L’Hercule Poirot de Christie malgré sa faconde, son intelligence, sa gourmandise, son côté machiavélique (voir pervers), en un mot son côté sherlockhomesien, reste accessoire à la réalisation du plaisir de lecture (ou de visionnage, allez voir le génial David Suchet). Ce n’est certainement pas le cas de tous les romans et de tous les personnages. Je reste persuadé que les personnages de nos lectures enfantines et adolescentes imprègnent davantage nos psychés. L’arrivisme total de Julien Sorel ou d’Eugène de Rastignac dévoile à nos yeux quelque chose du monde, et viennent à incarner bien plus que des archétypes – saviez-vous que Balzac s’était inspiré de Thiers pour le personnage de Rastignac ?
Avez-vous remarqué à quel point les personnages féminins font de la figuration dans le début d’énumération que je viens de faire ? J’ai entendu parlé du test d’Alison Bechdel avant de lire Gouine à Suivre. Pour rappel, Bechdel invente à travers son personnage Mo une façon simple d évaluer une œuvre grâce à trois questions :
- Y a-t-il au moins deux personnages féminins portant des noms ?

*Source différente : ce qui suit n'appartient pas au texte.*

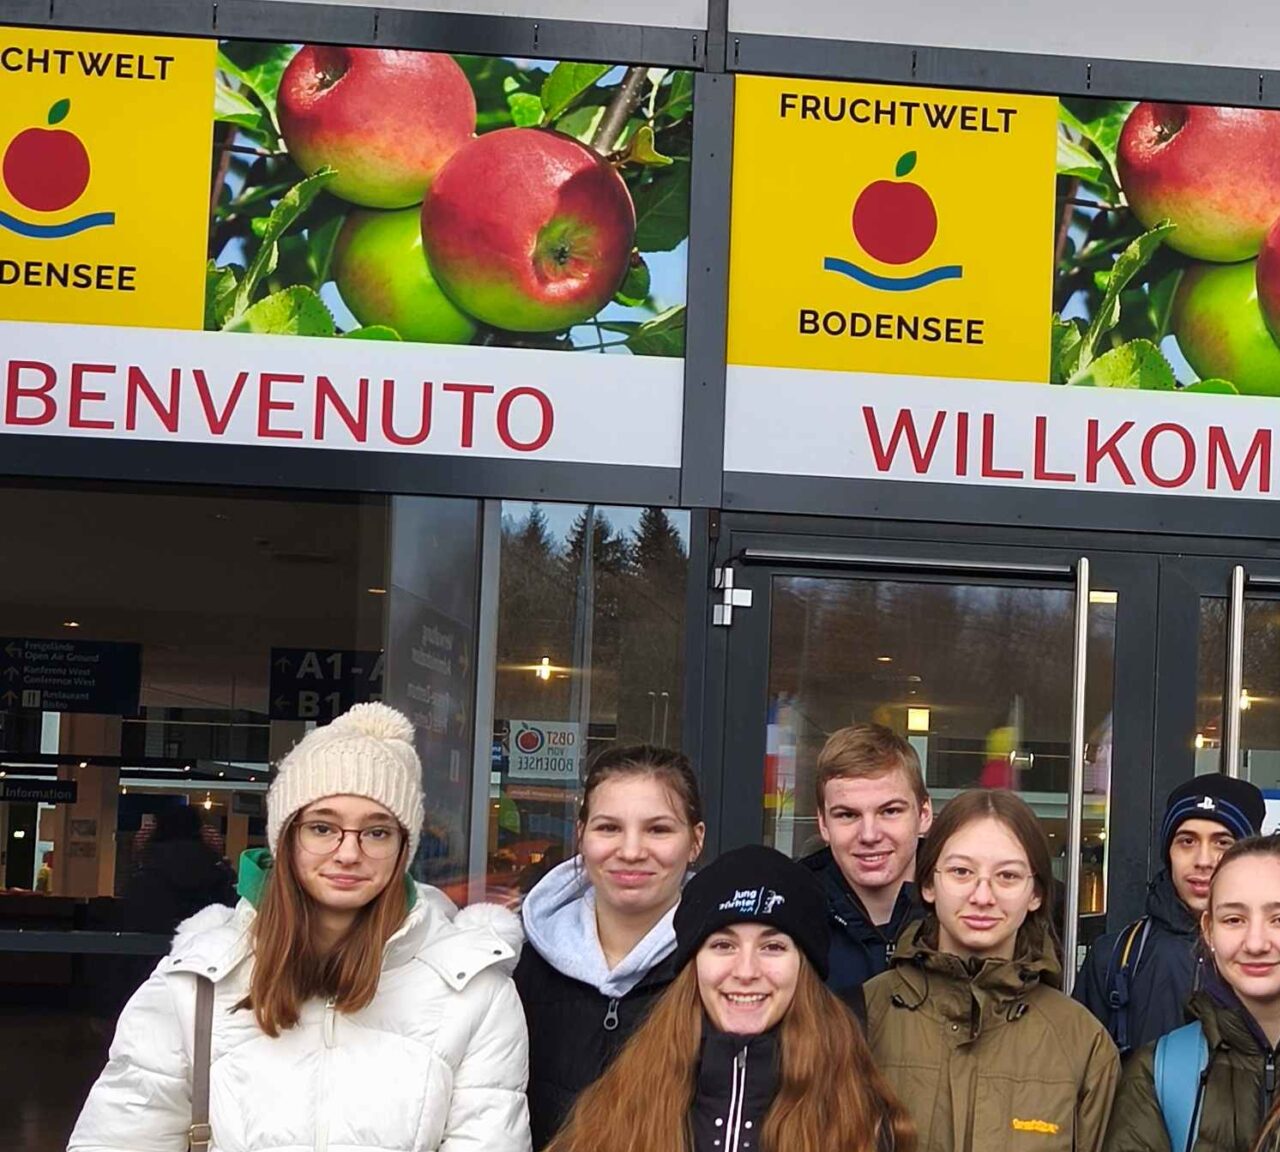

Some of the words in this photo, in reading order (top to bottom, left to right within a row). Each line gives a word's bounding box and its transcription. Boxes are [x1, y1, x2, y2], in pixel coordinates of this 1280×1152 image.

[779, 93, 1018, 133] FRUCHTWELT
[799, 309, 984, 345] BODENSEE
[4, 360, 555, 452] BENVENUTO
[5, 786, 72, 800] Information
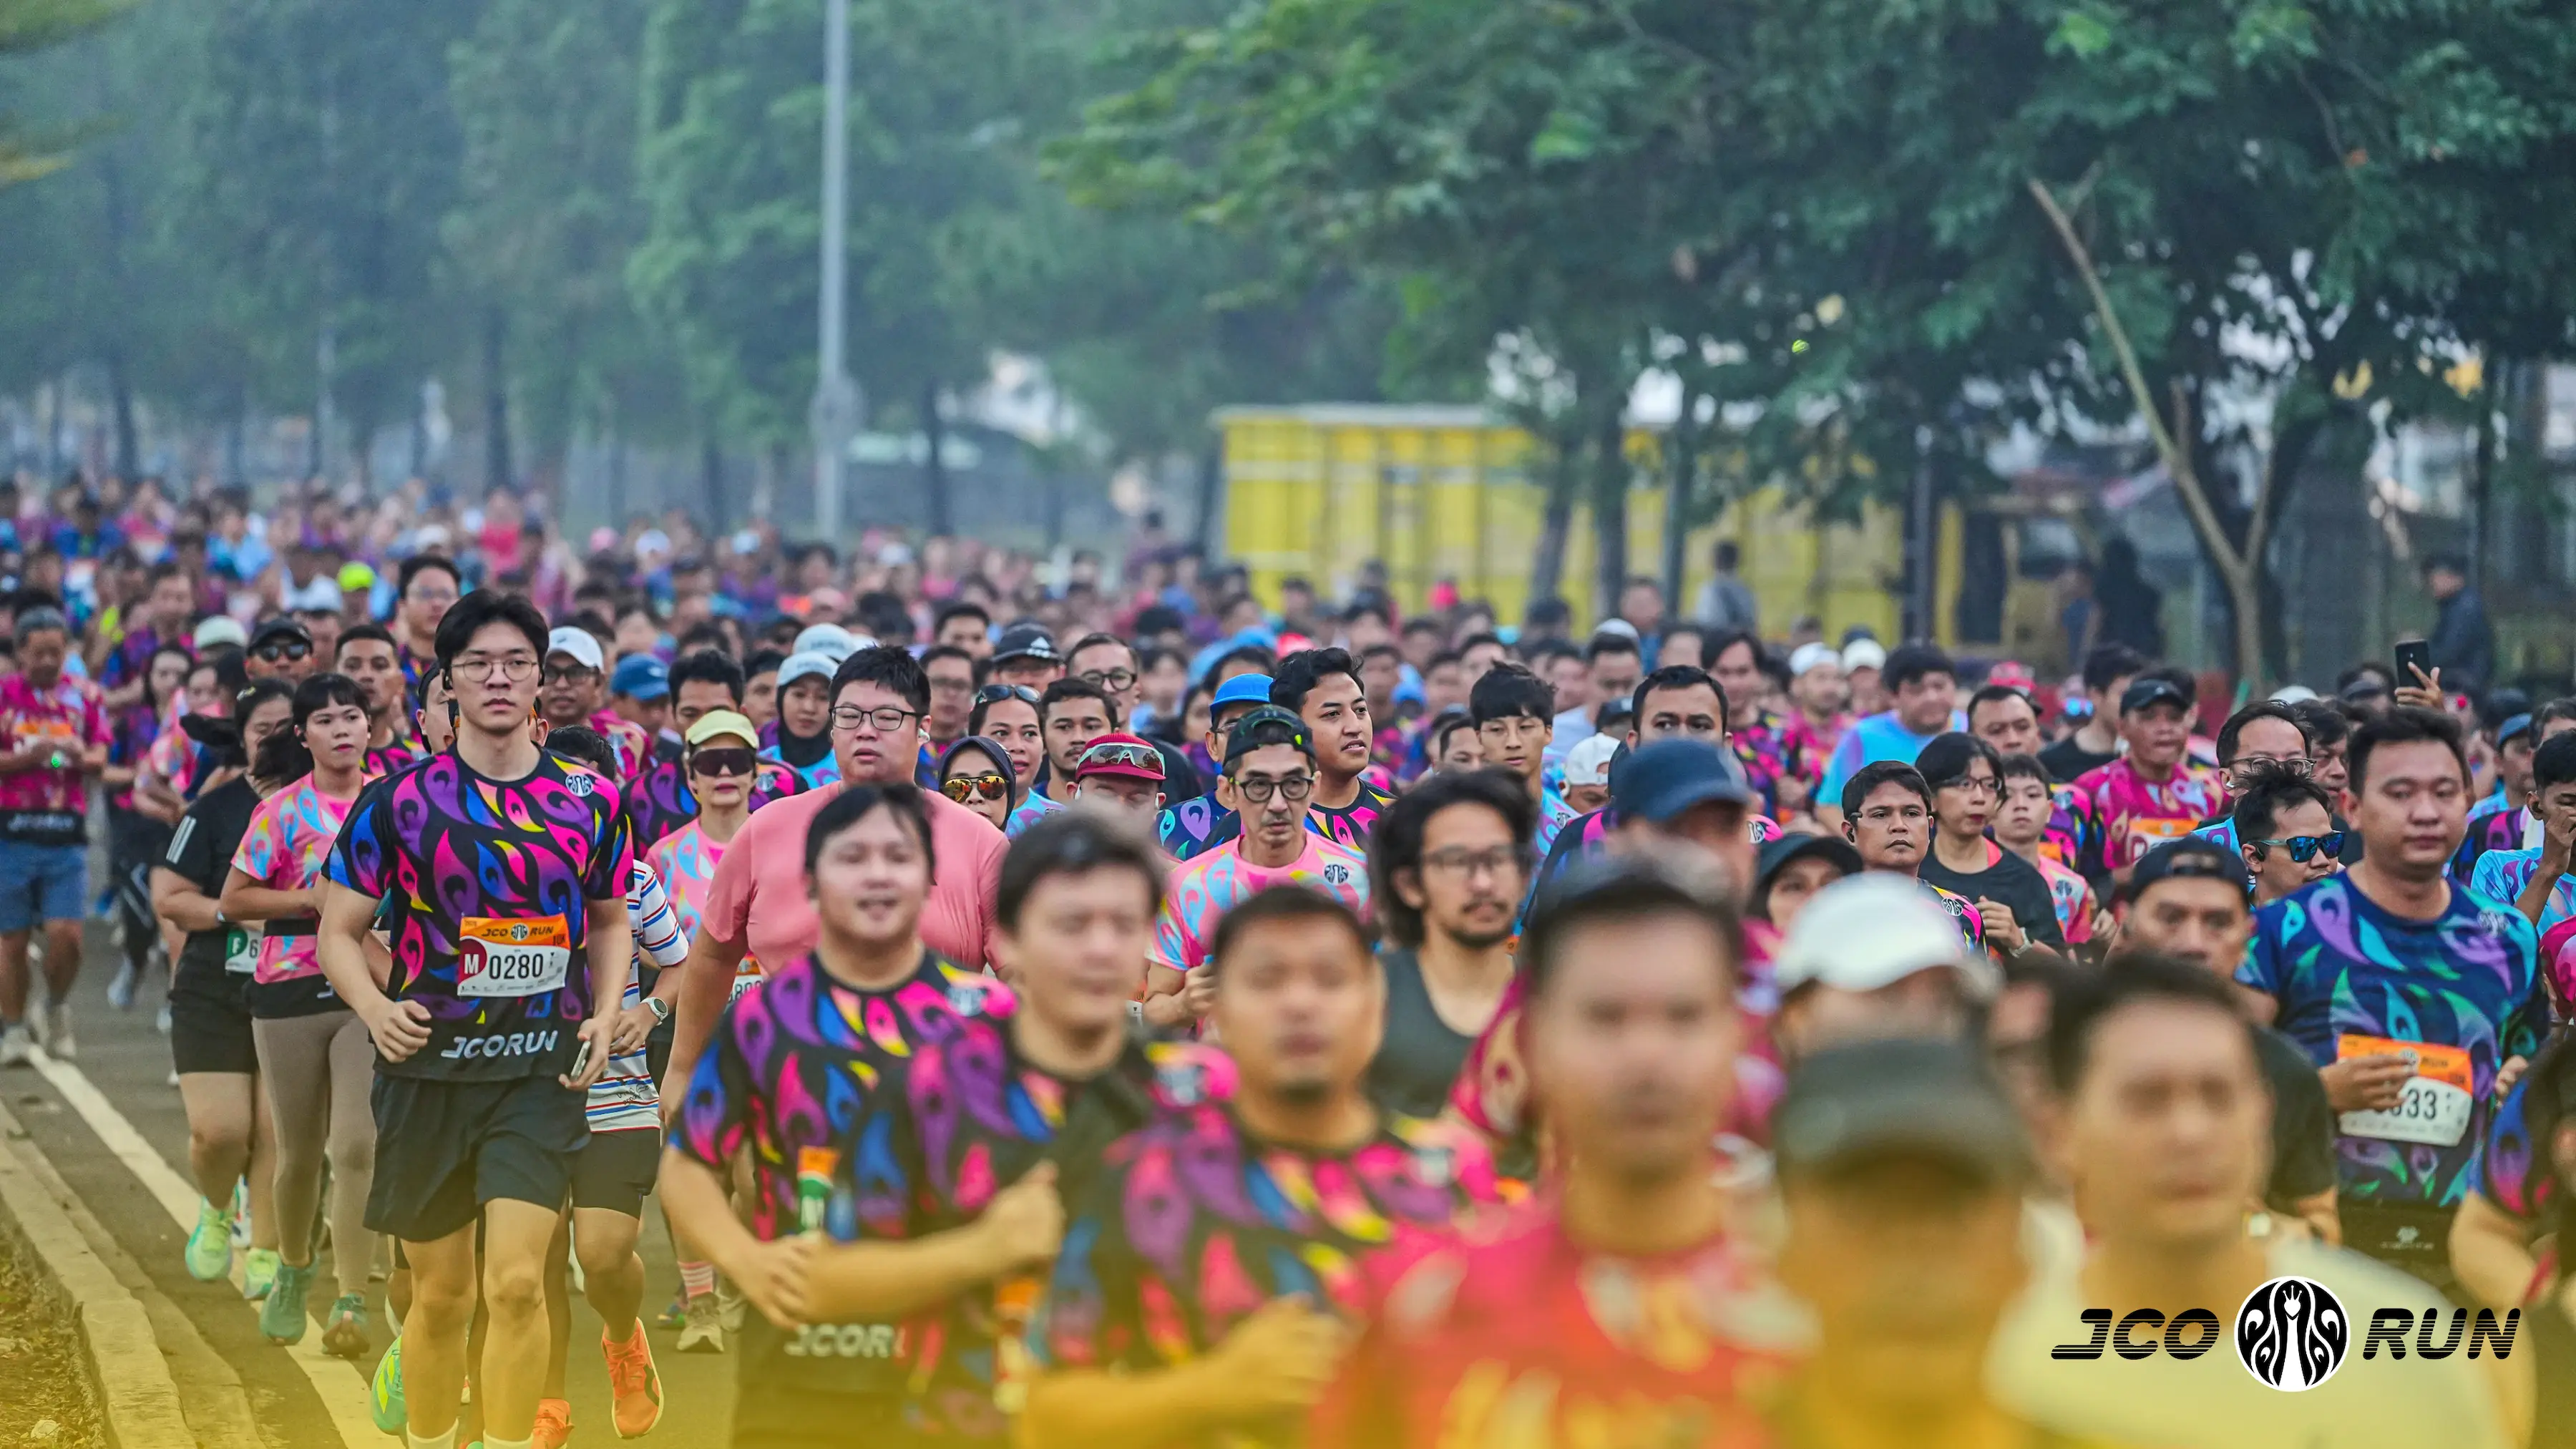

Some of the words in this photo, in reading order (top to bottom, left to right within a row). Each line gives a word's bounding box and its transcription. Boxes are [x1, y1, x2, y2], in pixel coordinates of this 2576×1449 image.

[481, 928, 509, 937] JCO
[530, 926, 554, 936] RUN
[464, 953, 479, 974] M
[489, 952, 544, 980] 0280
[441, 1030, 558, 1059] JCORUN
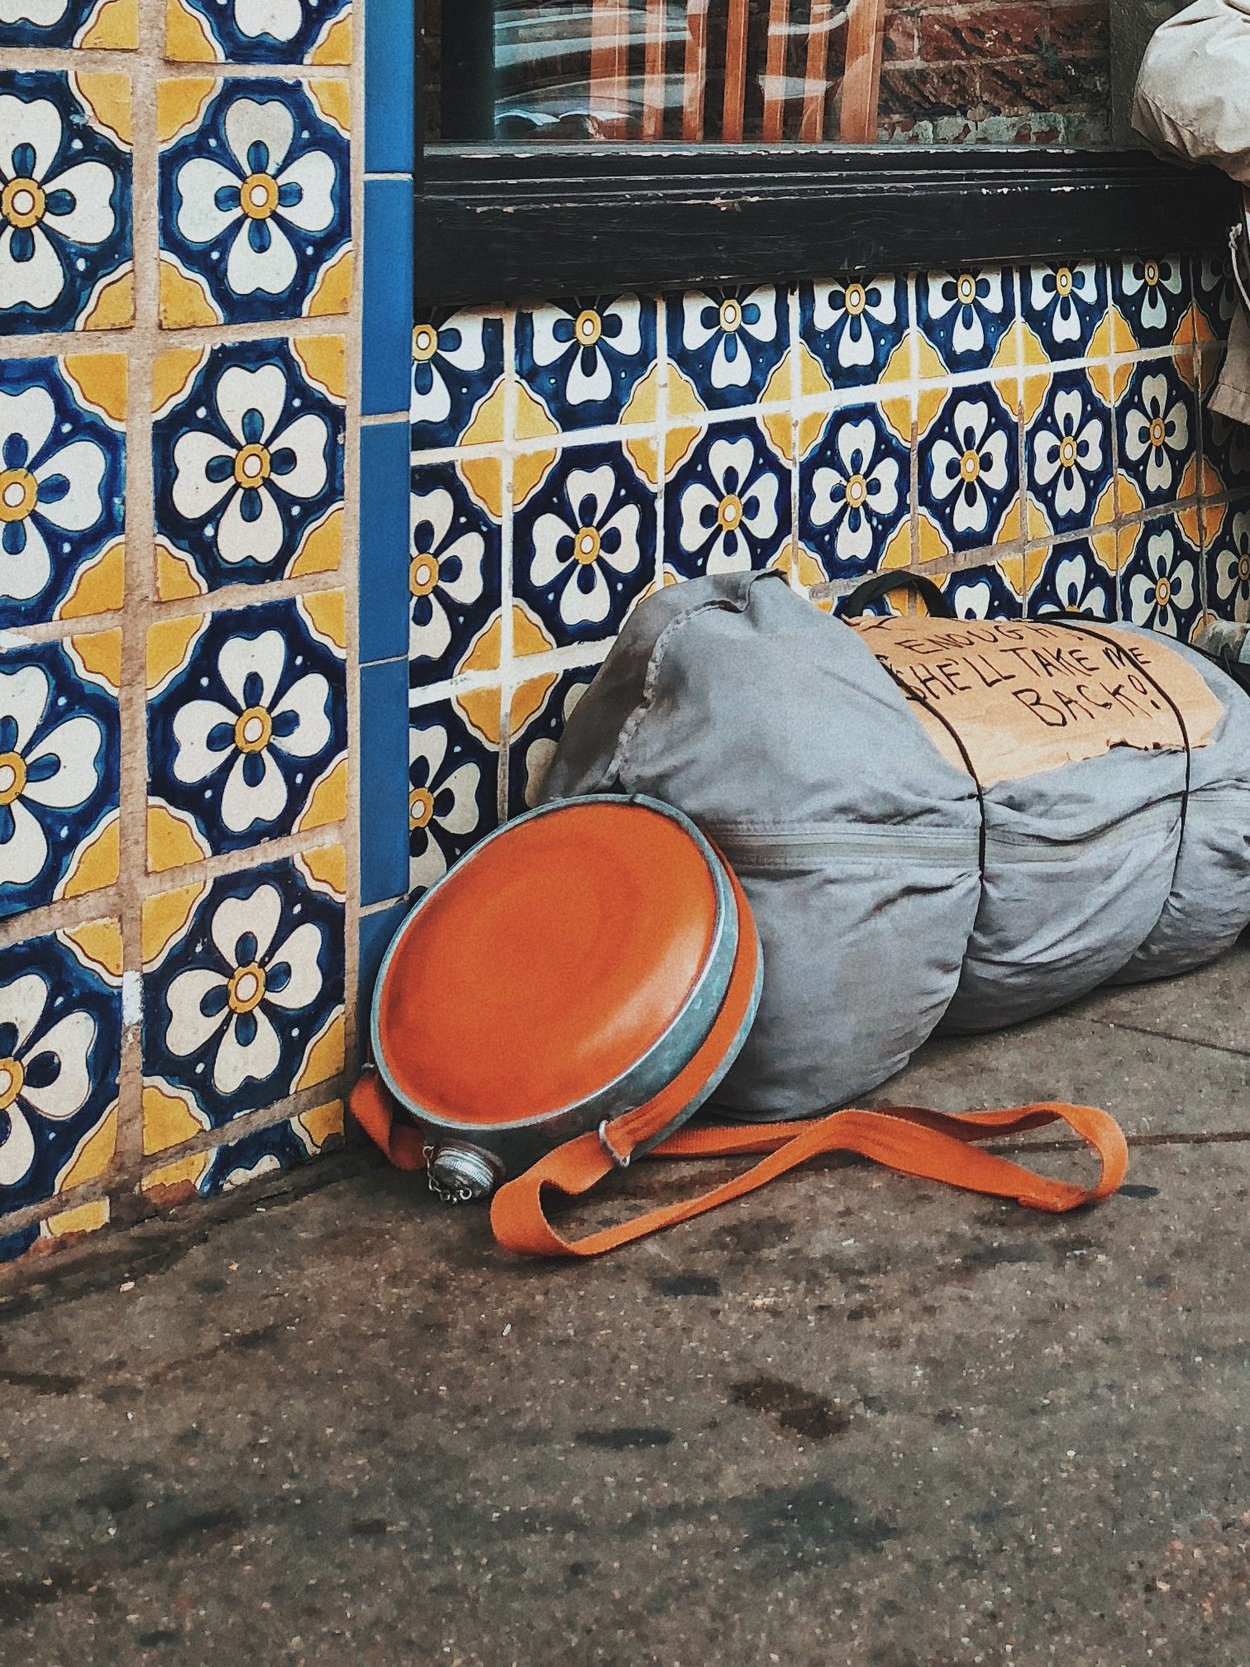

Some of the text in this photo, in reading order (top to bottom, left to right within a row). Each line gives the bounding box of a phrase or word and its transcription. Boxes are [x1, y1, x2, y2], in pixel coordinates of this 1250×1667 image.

- Ces deux femmes se parlent-elles mutuellement ?
- Leur conversation porte-t-elle sur un sujet autre qu'un personnage masculin ?
J’écrivais déjà à ce moment et je me rendis compte que rien dans ce j’écrivais ne passait ce texte avec succès. Je me rappelle avoir lu l’Essentiel des Gouines à Suivre – l’œuvre principale de Bechdel où apparait ce test - d’une seule traite en deux jours. Voilà une bande dessinée qui reposent presque entièrement sur les personnages et leurs interactions. Délicat à dire, mais je me suis rarement autant identifié à des personnages – après tout il s’agit d’intellectuelles blanches des classes moyennes-supérieures parfois un peu déclassé, militantes plutôt révolutionnaires. Et quoi de parle-t-on ? De ruptures amoureuses et amicales, de presque rien, de manif, de sexualité, de politiques, d’interrogations philosophiques… bref la vie quoi : une sorte d’anti-Seinfeld. On se reconnait, on s’identifie et on se dit « c’est tout à fait ça »[1].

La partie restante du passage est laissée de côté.